Basically, this blog hop involves answering seven questions about my current work in progress, tagging five new participants, and linking back to the person who nominated me. I was nominated by the lovely Tricia Drammeh, and you can find her post here. 🙂
1. What is the name of your character? Is he/she fictional or a historic person?
Vegin is the Crown Prince of Lokana and very much a figment of my imagination.
2. When and where is the story set?
The story is set in the kingdom of Lokana in the present day, but present-day Lokana looks very much like the Middle Ages. Eventually there is a small detour to Arkona, a mythical world based on our own that looks very much like present-day eastern Iowa.

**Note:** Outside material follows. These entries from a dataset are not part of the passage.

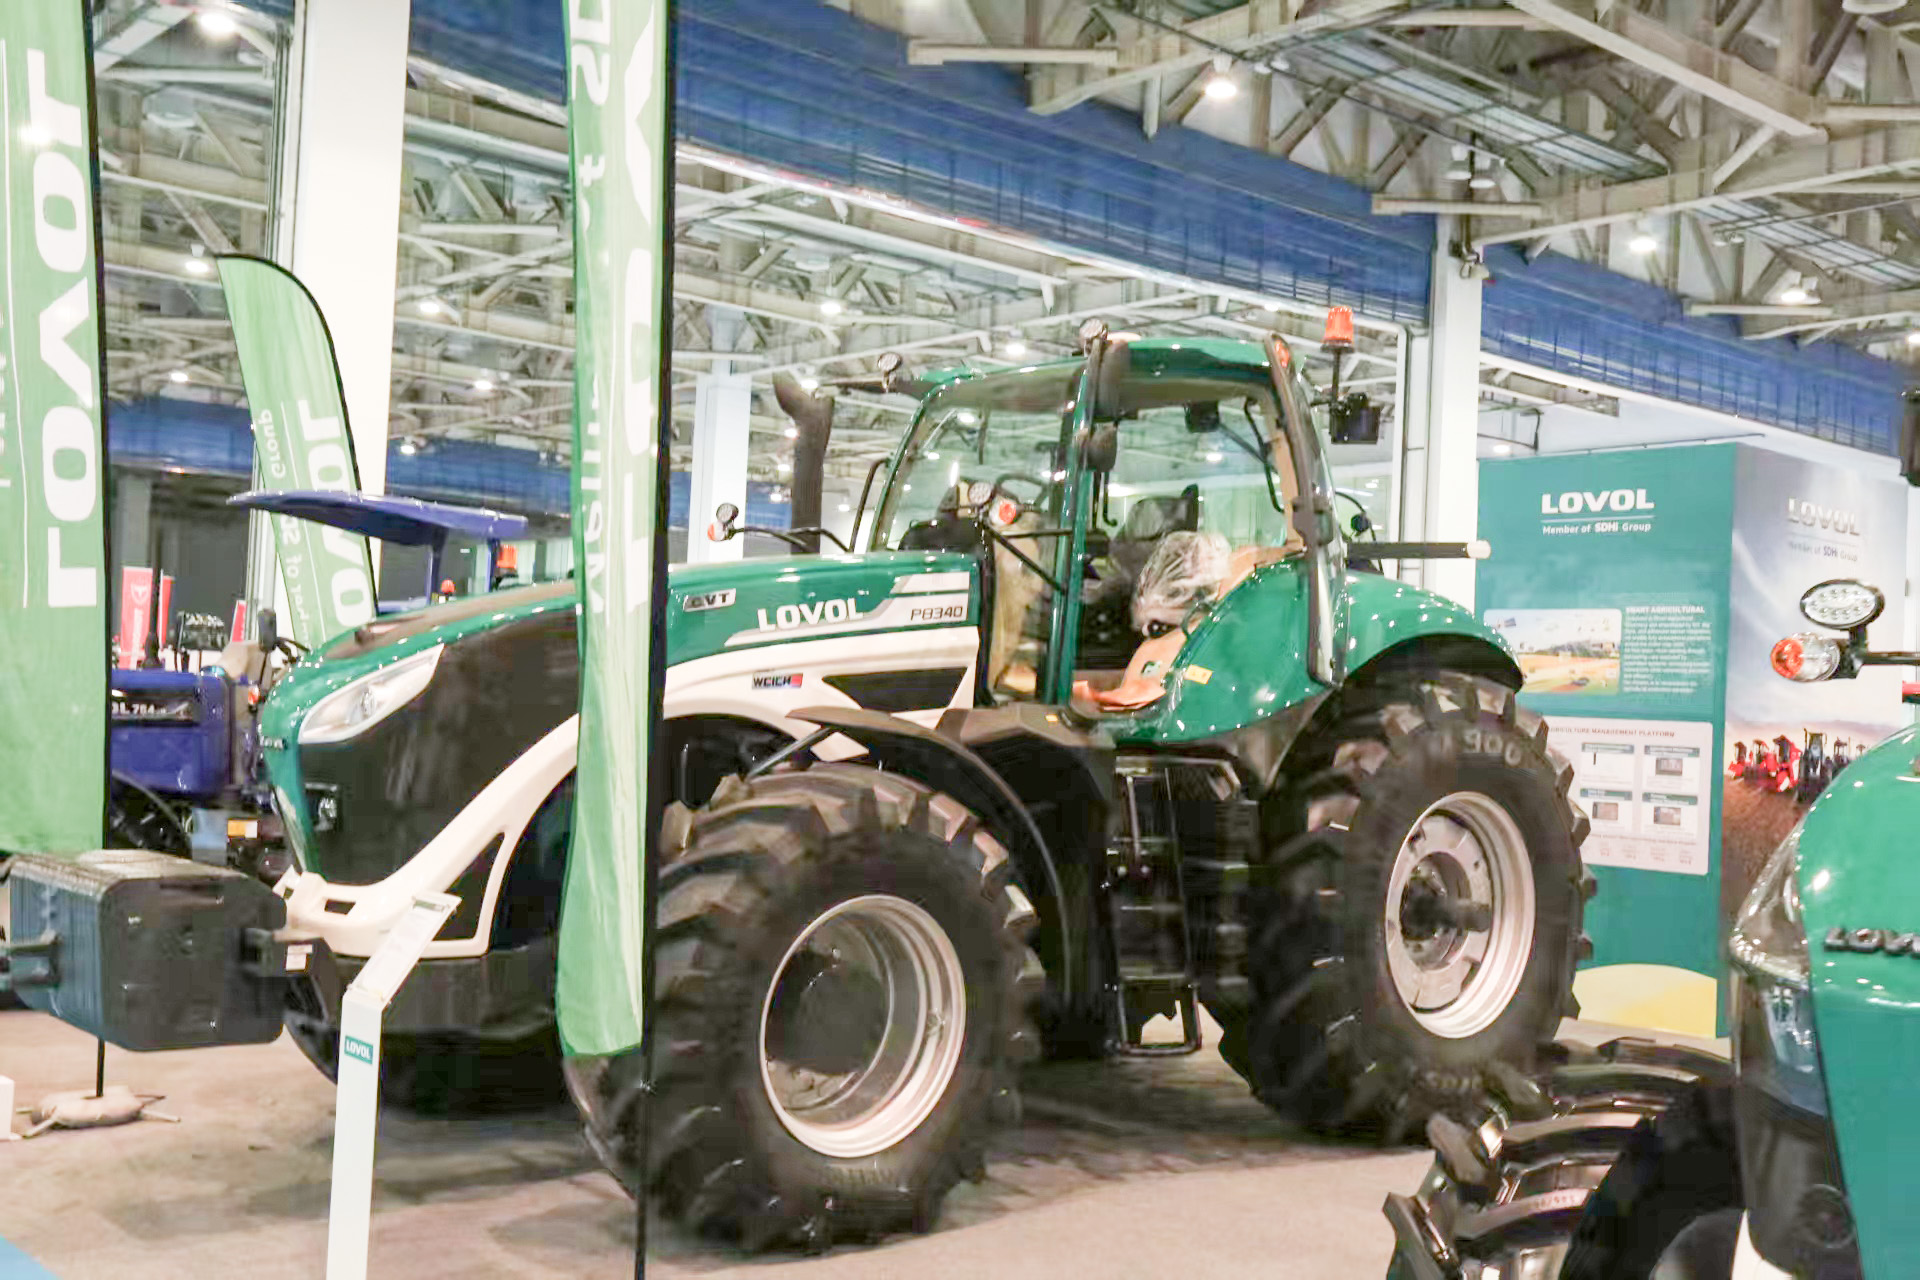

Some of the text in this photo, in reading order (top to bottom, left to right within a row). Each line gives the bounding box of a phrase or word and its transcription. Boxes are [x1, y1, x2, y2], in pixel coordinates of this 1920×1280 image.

[1541, 488, 1655, 514] LOVOL
[1542, 525, 1579, 535] Member
[1581, 523, 1591, 533] of
[1622, 522, 1652, 533] Group
[1788, 498, 1860, 536] LOVOL
[757, 597, 864, 633] LOVOL
[910, 606, 963, 621] P8340
[345, 1039, 370, 1060] LOVOL

3. What should we know about him/her?
Vegin is an idealist. He wants to improve living conditions (among other things) in his kingdom, but feels powerless to change anything. He’s headstrong and naïve, charismatic and caring. He tries to do the best he can with what’s at hand.
4. What is the main conflict? What messes up his/her life?

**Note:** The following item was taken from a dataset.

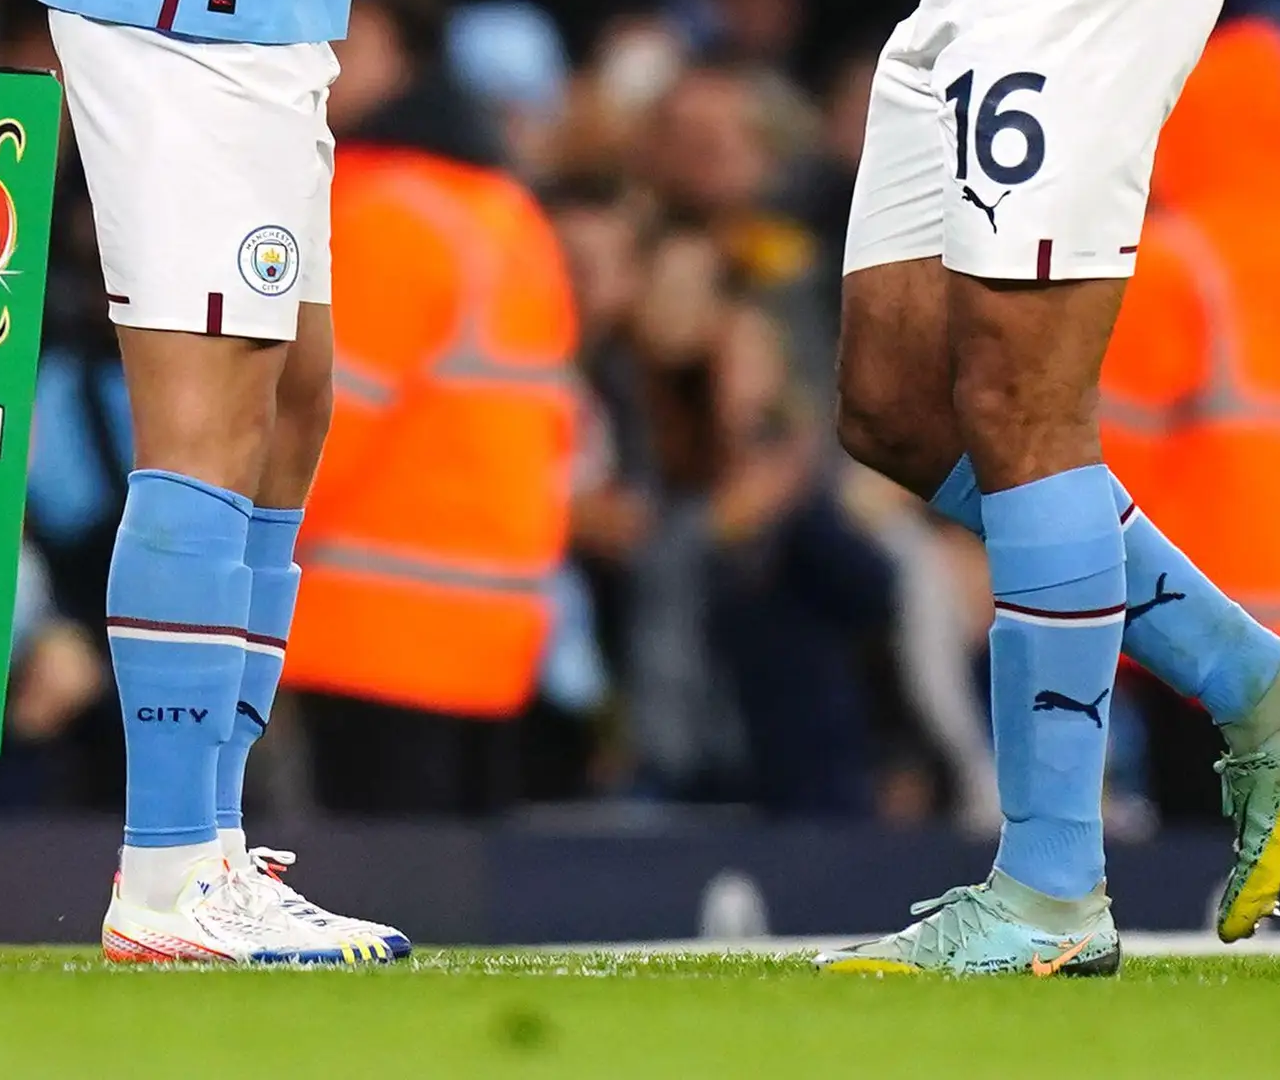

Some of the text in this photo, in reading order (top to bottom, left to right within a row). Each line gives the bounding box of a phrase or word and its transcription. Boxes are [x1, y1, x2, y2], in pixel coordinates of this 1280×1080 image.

[945, 68, 1047, 186] 16
[246, 231, 294, 253] MANCHESTER
[137, 706, 209, 724] CITY

In Book One, the main conflict revolves around Vegin’s relationship with a commoner named Lipei. His father and her brother are on opposite ends of the kingdom’s political spectrum and are adamantly opposed to their union. When her brother murders his parents, the precarious peace in the kingdom is threatened and Vegin must find a way to stop it.
5. What is the personal goal of the character?

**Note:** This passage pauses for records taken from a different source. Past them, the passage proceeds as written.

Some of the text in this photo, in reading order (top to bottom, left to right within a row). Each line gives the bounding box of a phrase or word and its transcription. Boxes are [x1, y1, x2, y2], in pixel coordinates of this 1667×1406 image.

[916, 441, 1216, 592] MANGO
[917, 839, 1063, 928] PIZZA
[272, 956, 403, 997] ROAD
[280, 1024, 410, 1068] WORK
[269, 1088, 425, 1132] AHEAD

Vegin’s personal goals involve protecting his family and bringing peace to his kingdom.
6. Is there a working title for this novel, and can we read more about it?
The working title is The Price of Mercy: Book One of the Lokana Chronicles. Here’s the opening scene:
Dirty tears carved grooves through the layers of grime on the poor farmer’s face as he fought and lost the battle for his dignity. “Please, your Highness, have mercy. I beg you.”
Toqarnna Vegin sympathized with the man, whose pitiful appearance was exaggerated by the colored light filtering through the stained glass windows lining the gallery. But drought or no, he still had taxes to pay; surely he had other ways of obtaining the necessary funds. Even if he didn’t, was prison really the most suitable penalty? How could he ever hope to earn what he owed if he was stuck in a prison camp? But he couldn’t simply let the man go, either.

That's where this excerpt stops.